Entries shown
───

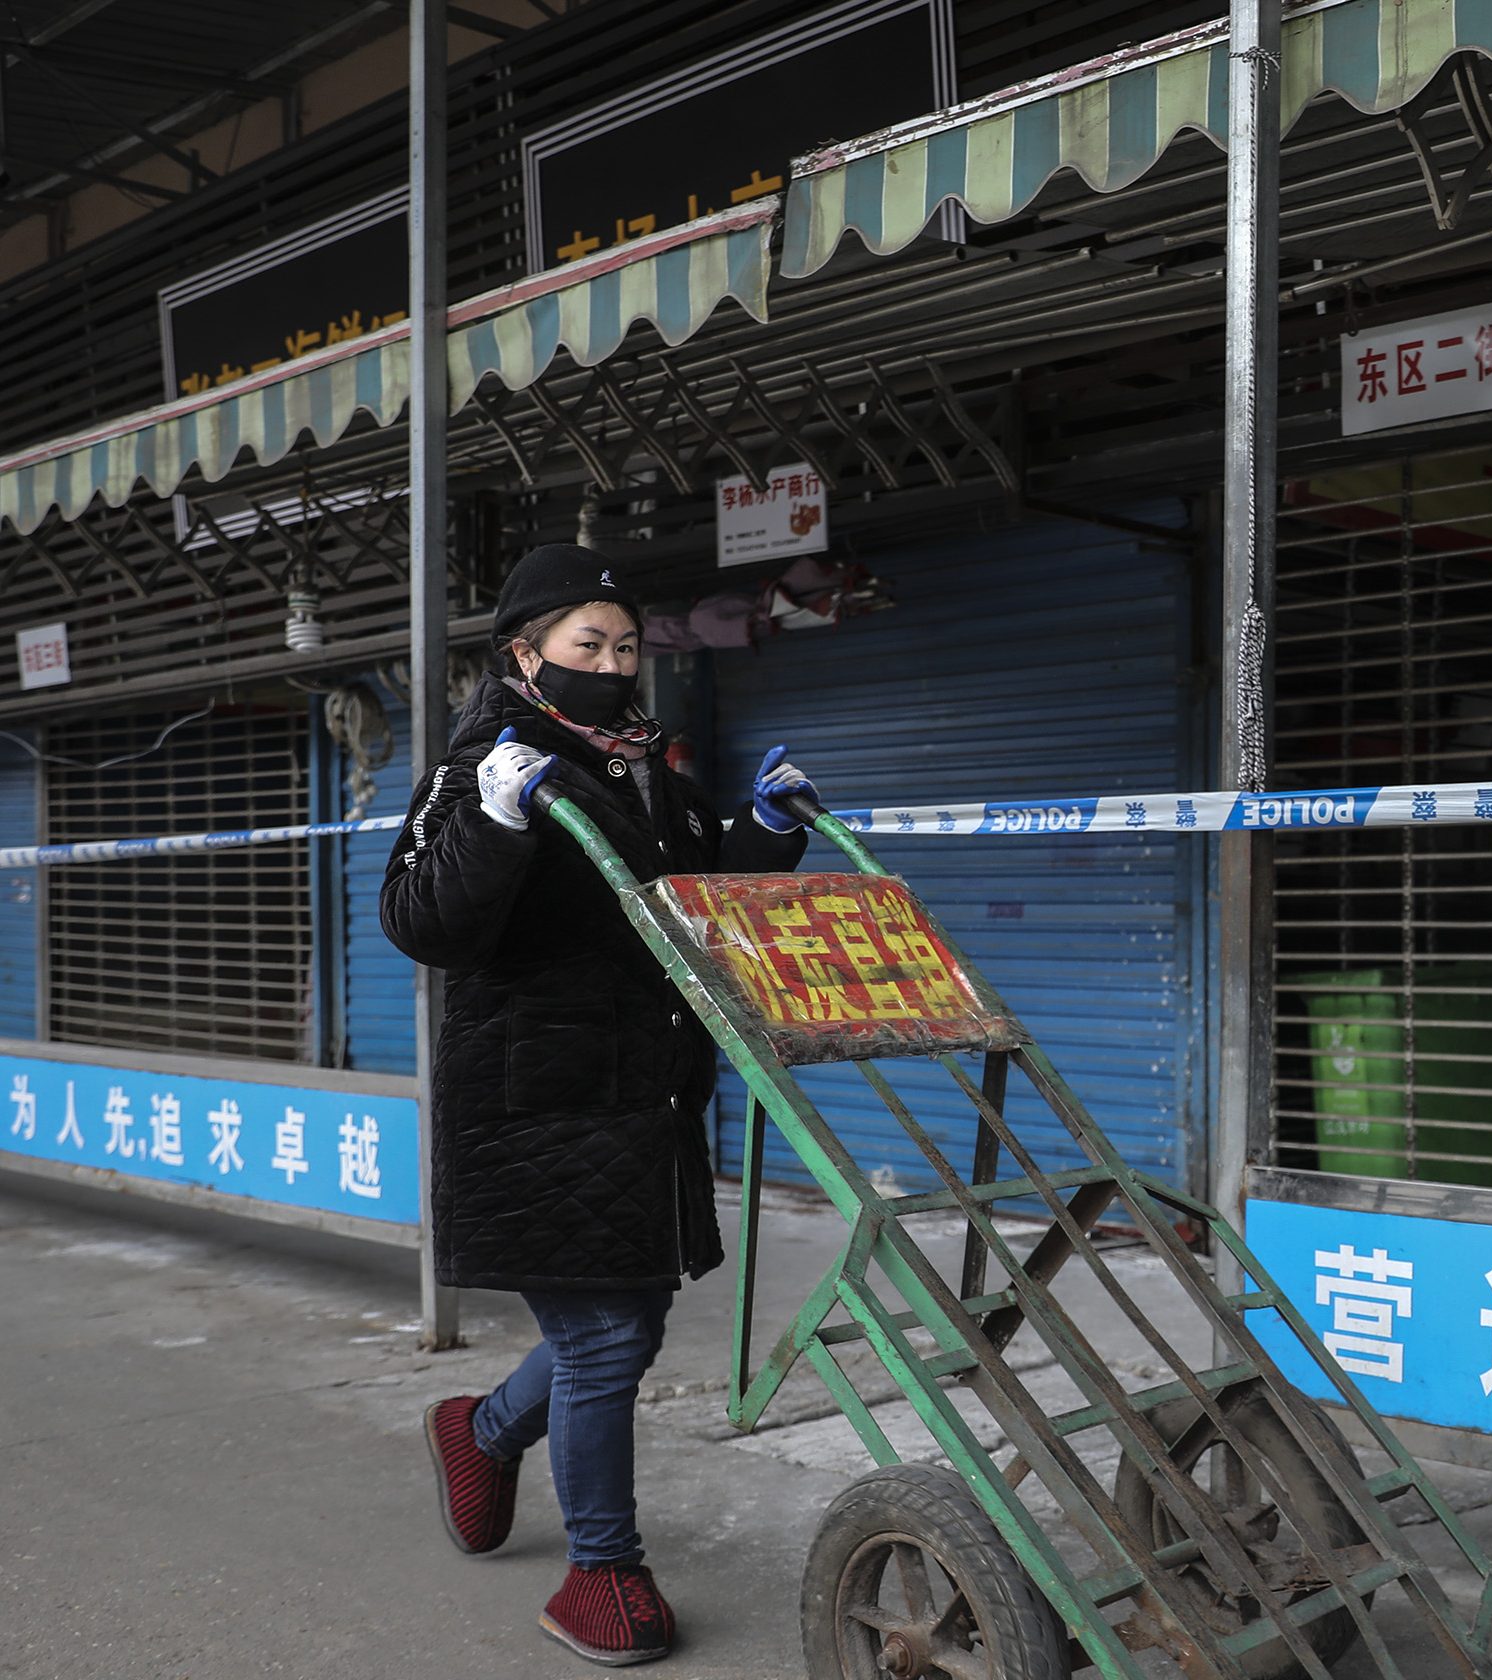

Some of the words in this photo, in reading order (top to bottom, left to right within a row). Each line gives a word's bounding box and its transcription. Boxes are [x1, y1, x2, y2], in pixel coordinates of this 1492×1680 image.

[989, 804, 1084, 833] POLICE
[1124, 800, 1198, 830] 警察
[1242, 795, 1356, 828] POLICE
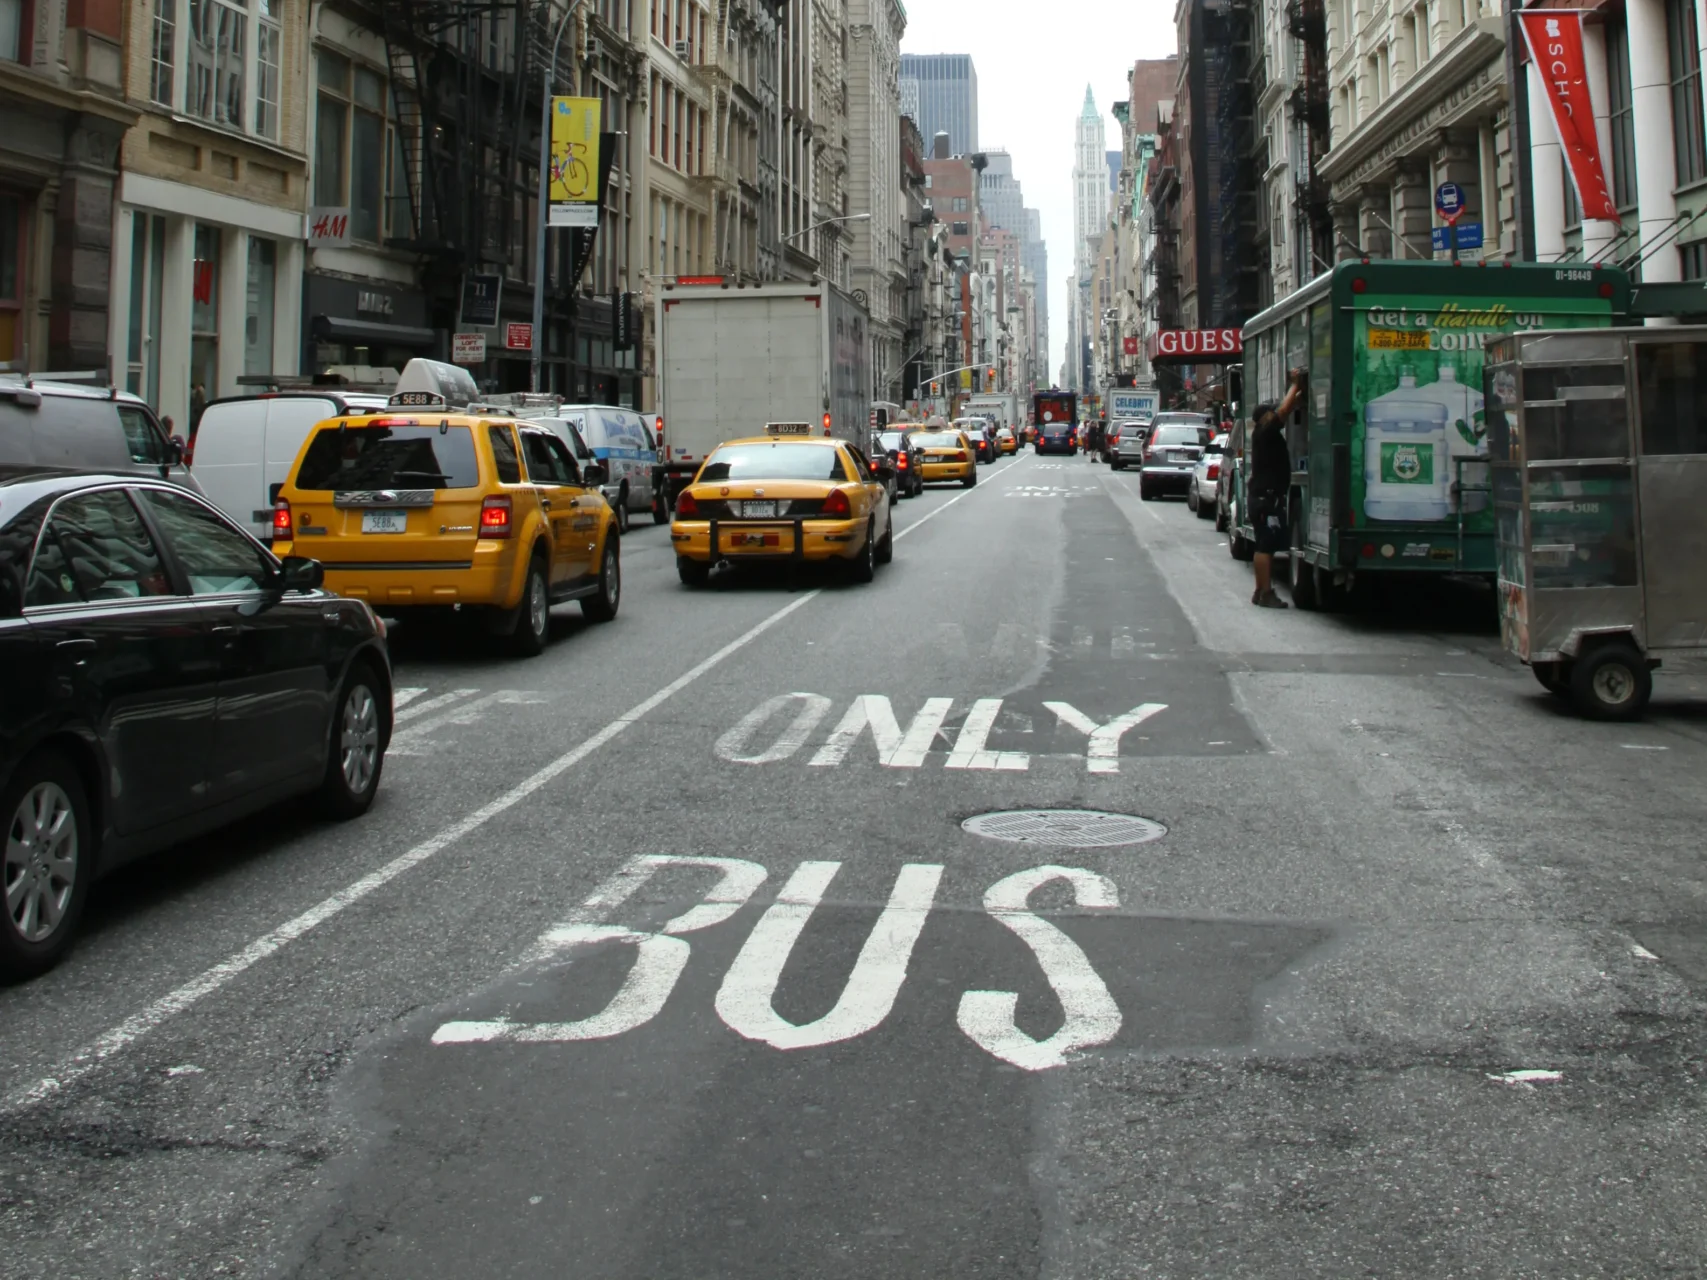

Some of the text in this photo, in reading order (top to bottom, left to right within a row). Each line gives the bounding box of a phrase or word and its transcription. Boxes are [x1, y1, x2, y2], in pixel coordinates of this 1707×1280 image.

───

Task item
Every record, from top to bottom, gets written out exactly; no picture goes into the copy.

Result for this task
Some of the words in this photo, in reading order (top to bottom, left to right within a row). Each line gives a word's bounding box and its transcription. Boxes are [x1, y1, x2, y2], in pixel coordinates of this 1492×1680 image.

[989, 804, 1084, 833] POLICE
[1124, 800, 1198, 830] 警察
[1242, 795, 1356, 828] POLICE

Some of the text in this photo, in reading order (top to bottom, left to right within a row). Each line gives the bounding box of a phrase or word and its transcription. Boxes are [x1, y1, x2, y2], in pixel coordinates of this 1707×1280 image.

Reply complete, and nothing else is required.